(Phrase grounding data)

========================================================================

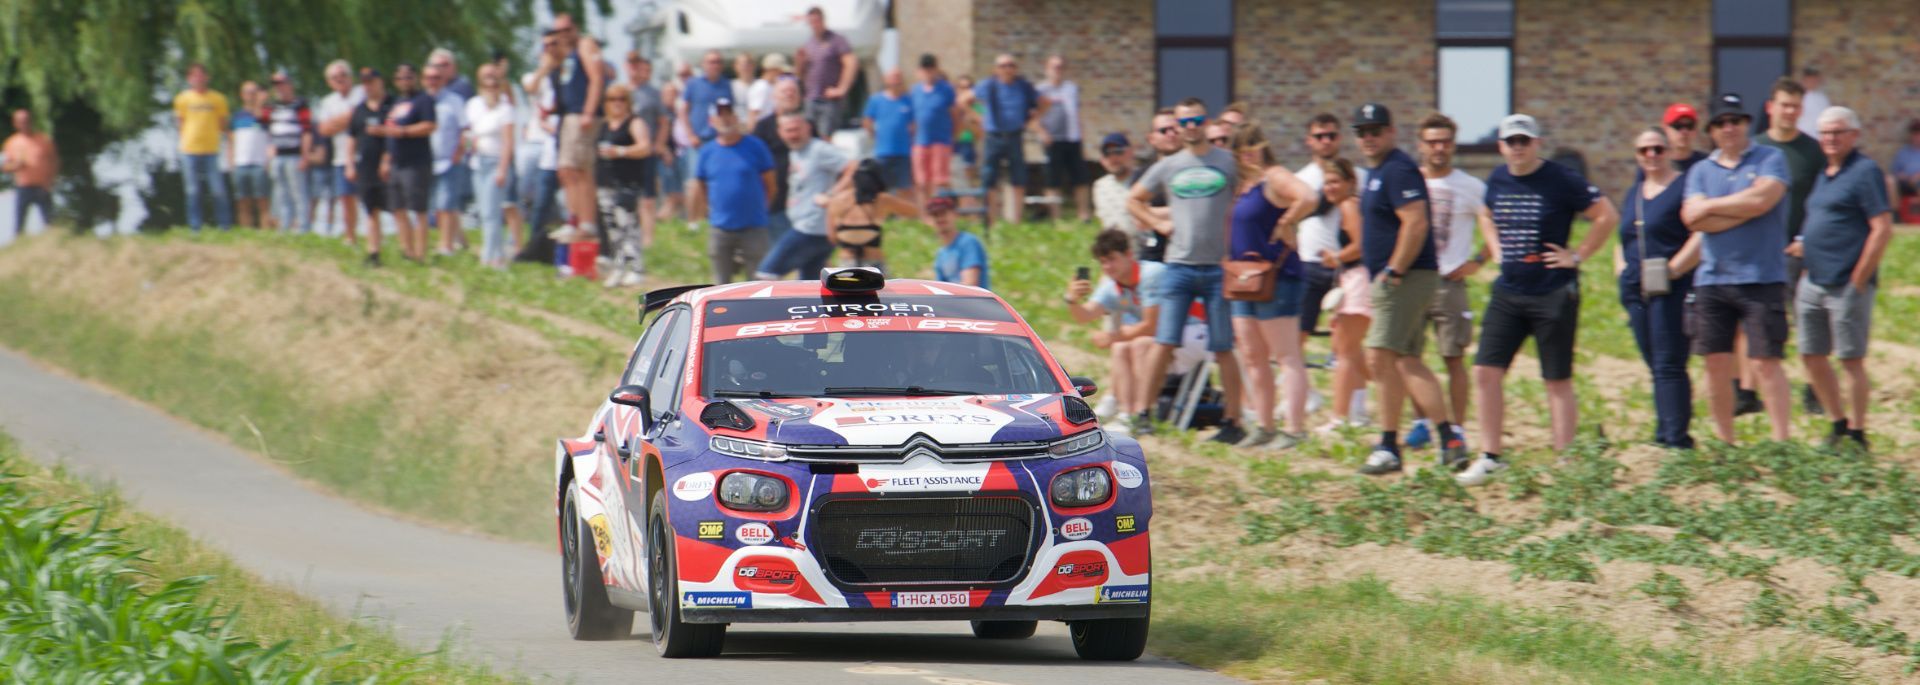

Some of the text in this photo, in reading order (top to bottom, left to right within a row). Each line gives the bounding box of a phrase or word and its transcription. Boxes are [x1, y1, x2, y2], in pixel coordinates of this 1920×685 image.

[736, 321, 818, 337] BRC
[917, 319, 999, 331] BRC
[892, 476, 982, 486] FLEET ASSISTANCE
[699, 524, 723, 536] OMP
[1065, 521, 1090, 534] BELL
[1117, 519, 1135, 530] OMP
[741, 527, 771, 538] BELL
[900, 593, 967, 605] 1-HCA-050
[1111, 589, 1149, 598] MICHELIN
[697, 596, 746, 605] MICHELIN

========================================================================

(Your assignment)
Repeat the data exactly. No pictures should appear.

(Task answer)
Some of the text in this photo, in reading order (top to bottom, left to right within a row). Each line gives the bounding box of a phrase or word and its transcription. Boxes are [x1, y1, x2, y2], in pixel coordinates of this 1920×685 image.

[736, 321, 818, 337] BRC
[917, 319, 999, 331] BRC
[892, 476, 982, 486] FLEET ASSISTANCE
[699, 524, 723, 536] OMP
[1065, 521, 1090, 534] BELL
[1117, 519, 1135, 530] OMP
[741, 527, 771, 538] BELL
[900, 593, 967, 605] 1-HCA-050
[1111, 589, 1149, 598] MICHELIN
[697, 596, 746, 605] MICHELIN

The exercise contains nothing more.